The program is “an effort to counter the negative effects that state vendors are experiencing due to the delay in payment of approved vouchers and to ensure faster payment,” according to its terms sheet on the state’s website.

But the pilot program was not publicized, Kraft said. It was offered to vendors who called the state seeking faster payments. Twenty vendors signed up, and six were accepted. Those six received a total of $310,000 from financial institutions they were paired with. The names of the six organizations were not available.

“That’s not a lot of money, but at least it’s something to help out the vendors in the meantime,” Kraft said. “We do look at the pilot program as a success.”

Human Services was chosen to participate because “a lot of our past-due bills are through DHS,” Kraft said. “We didn’t publicize it just because it was a pilot program.”

 

Under the radar

One of the six banks listed on the program’s informational website said it did not participate.

“I would be the one to sign off on it. I don’t know how our name got on the list,” said Herman Davis, president and chief operating officer of Covenant Bank, a Chicago-based institution. “People assume because we’re a community development-certified bank that we participate in all these programs. That is not one of them.”

Sara Howe, chief executive officer of the Illinois Alcoholism and Drug Dependence Association, said the governor’s chief of staff had mentioned in September that the state was looking for ways to help vendors, she hadn’t heard anything else.

“It may be under the radar,” Howe said. “That would be something. It’s promising.”

The IADDA represents more than 50 prevention, treatment and recovery organizations across Illinois.

 

Payments ‘drying up’

Illinois’ pile of unpaid bills has been a problem for more than two years. On average, the state is five to six months behind in what it owes vendors, Kraft said. The IADDA reported this week that its agencies’ unpaid bills had gone from a total of $34 million at the beginning of October to $46 million in November.

“Payments to providers are drying up,” Howe said. “Our agencies have essentially drained their lines of credit and exhausted their ability to guarantee paychecks to employees who are critical to the state’s prevention-and-treatment system.”

Under the pilot program, vendors could sell all rights to payments owed them to a third-party financial institution — a “qualified purchaser” in bureaucratic parlance — approved by the state.

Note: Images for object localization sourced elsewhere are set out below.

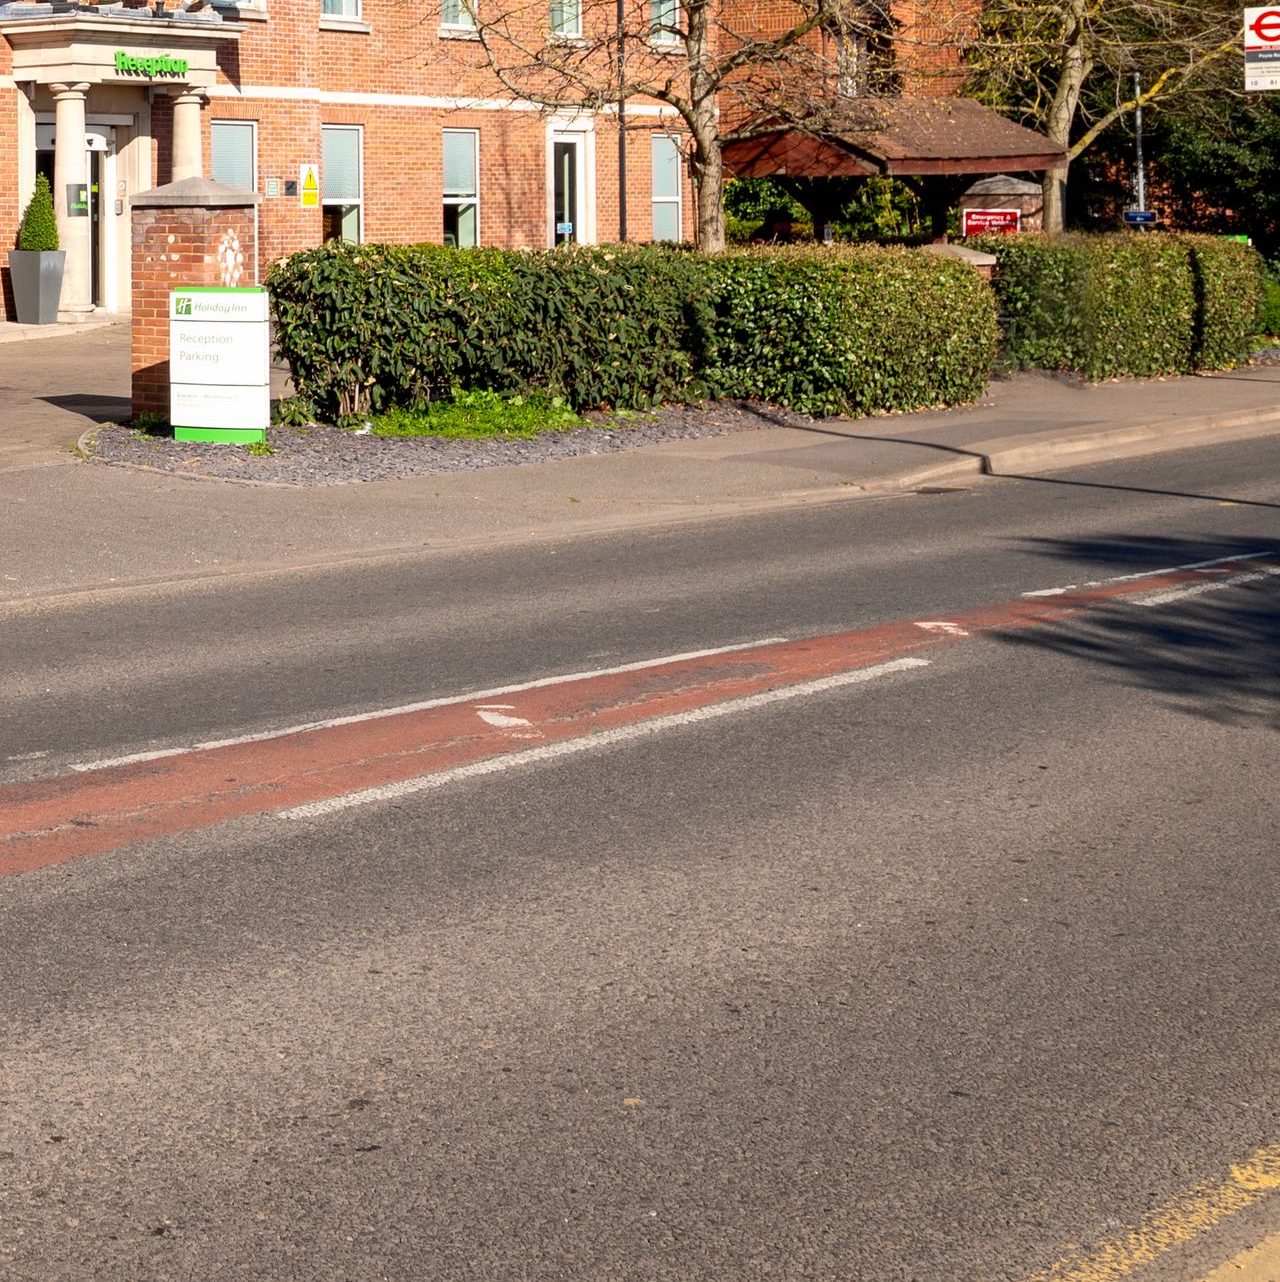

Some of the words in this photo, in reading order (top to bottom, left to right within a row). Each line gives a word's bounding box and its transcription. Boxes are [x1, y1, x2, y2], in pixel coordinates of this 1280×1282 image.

[115, 50, 189, 76] Reception
[194, 302, 231, 314] Holiday
[231, 303, 248, 312] Inn
[179, 333, 233, 345] Reception
[179, 350, 219, 364] Parking
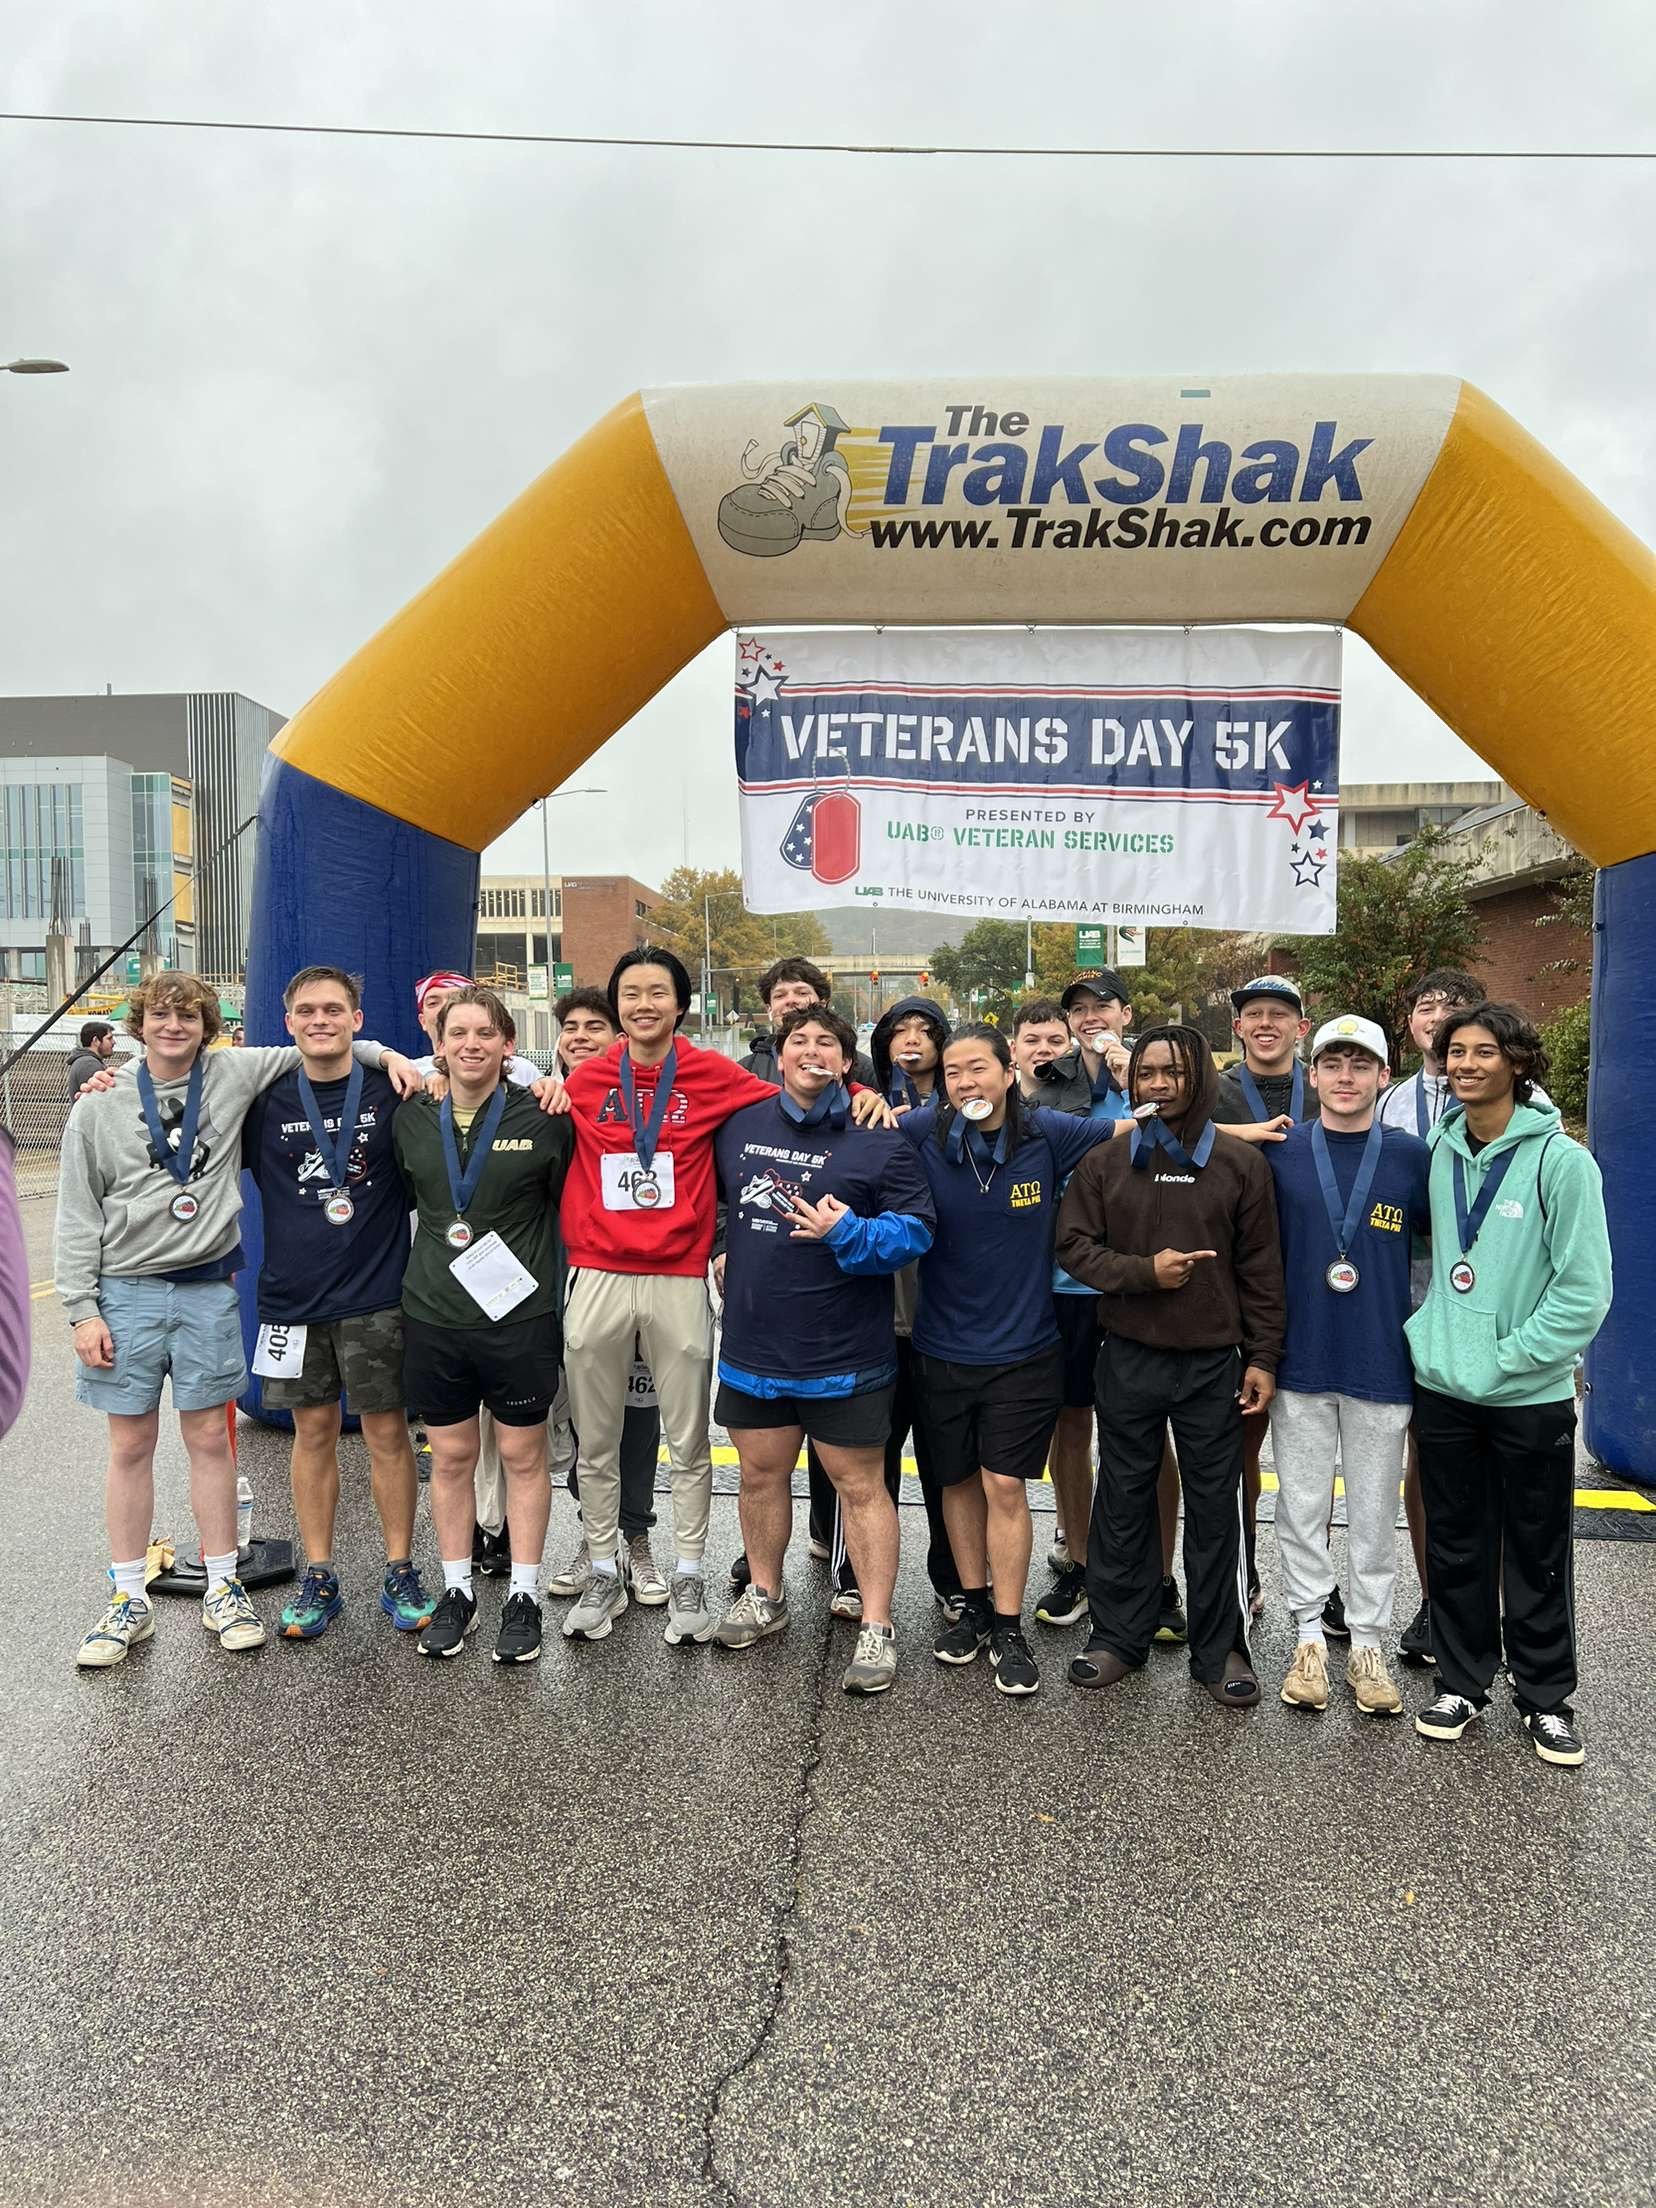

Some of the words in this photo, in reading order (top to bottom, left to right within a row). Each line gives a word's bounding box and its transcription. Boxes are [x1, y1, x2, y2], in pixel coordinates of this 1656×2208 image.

[945, 405, 1030, 437] The
[879, 421, 1376, 505] TrakShak
[871, 506, 1372, 550] www.TrakShak.com
[780, 712, 1069, 764] VETERANS
[1091, 718, 1194, 767] DAY
[1215, 720, 1293, 770] 5K
[965, 808, 1066, 823] PRESENTED
[1073, 811, 1096, 824] BY
[953, 827, 1055, 849] VETERAN
[1063, 829, 1175, 854] SERVICES
[855, 886, 884, 896] UAB
[888, 887, 913, 898] THE
[918, 889, 994, 907] UNIVERSITY
[998, 897, 1018, 908] OF
[1021, 898, 1088, 912] ALABAMA
[1092, 902, 1109, 913] AT
[1112, 903, 1204, 916] BIRMINGHAM
[1079, 930, 1102, 939] UAB
[491, 1138, 534, 1151] UAB
[744, 1143, 791, 1160] VETERANS
[791, 1150, 812, 1164] DAY
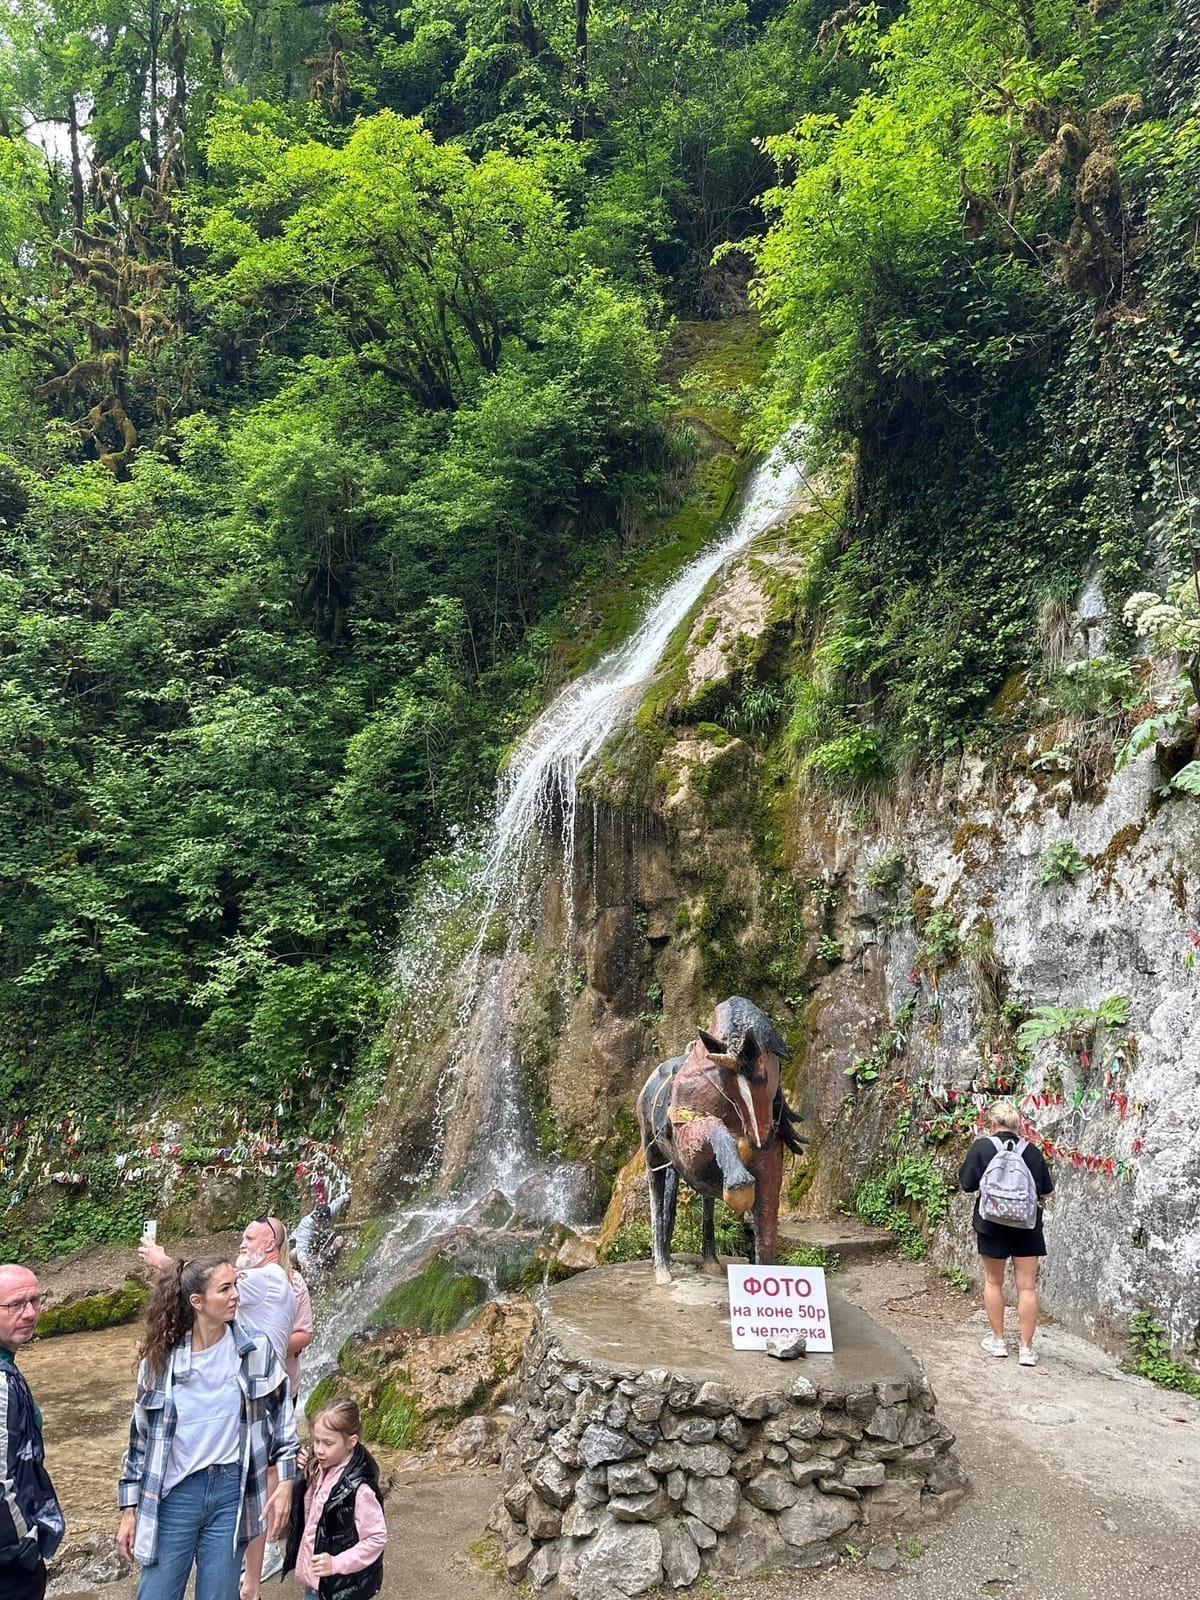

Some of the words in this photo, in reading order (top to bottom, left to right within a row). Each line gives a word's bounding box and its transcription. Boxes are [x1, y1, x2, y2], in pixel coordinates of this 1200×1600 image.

[743, 1277, 812, 1297] ФОТО
[733, 1306, 751, 1317] на
[757, 1307, 793, 1318] коне
[798, 1305, 826, 1322] 50р
[736, 1326, 745, 1337] с

The initiative was made possible through an emergency administrative rule change by the Department of Central Management Services and the comptroller’s office. The rule allows vendors to reassign their rights to payment to third parties, according to the website terms sheet.

The financial institutions’ incentive to buy the debt is that they ultimately will receive the interest owed to service providers under the state’s Prompt Payment Act. The law provides that if a payment is not made to a vendor within 60 days of receipt of an invoice, the state owes 1 percent (or 2 percent in limited cases) per month of delay.

Anyone owed payment under the state and federal Medicaid program is excluded from participating because of federal law. The rules of the federal stimulus program, which provides states with more Medicaid money, already specify that payments be made within 30 days to hospitals, nursing homes and doctors.

 

Chris Wetterich can be reached at 788-1523.

 

How it works

1. A vendor applies online and asks to sell its accounts receivable to a qualified buyer. The vendor signs over its rights to the accounts receivable and to all Prompt Payment Act interest to the buyer.

2. A buyer verifies that the vendor’s voucher is valid and writes the vendor a check for 90 percent of the money owed by the state. Ten percent is held in reserve in an interest-bearing “custodial” account.

3. The state eventually pays the buyer the full value of the voucher plus all Prompt Payment Act interest owed. The buyer releases the remaining 10 percent to the vendor.

4. If the state exercises any offset or contractual rights and does not have to pay the buyer the full amount in the invoice, the buyer can subtract the difference from the custodial account before those funds are turned over to the vendor.

 

Special provisions

1. Buyers are not obligated to buy more than $100,000 worth of debt owed by the state.

2. Buyers have to submit a monthly written report to the governor’s Office of Management and Budget detailing:

-- Debt they have bought from vendors

-- Money they have received from the state toward the principal they are owed

-- Interest they have received under the Prompt Payment Act

-- How much they are owed by the state

3. A consortium of buyers has set up a website with more information and application details: www.vendorassistanceprogram.com.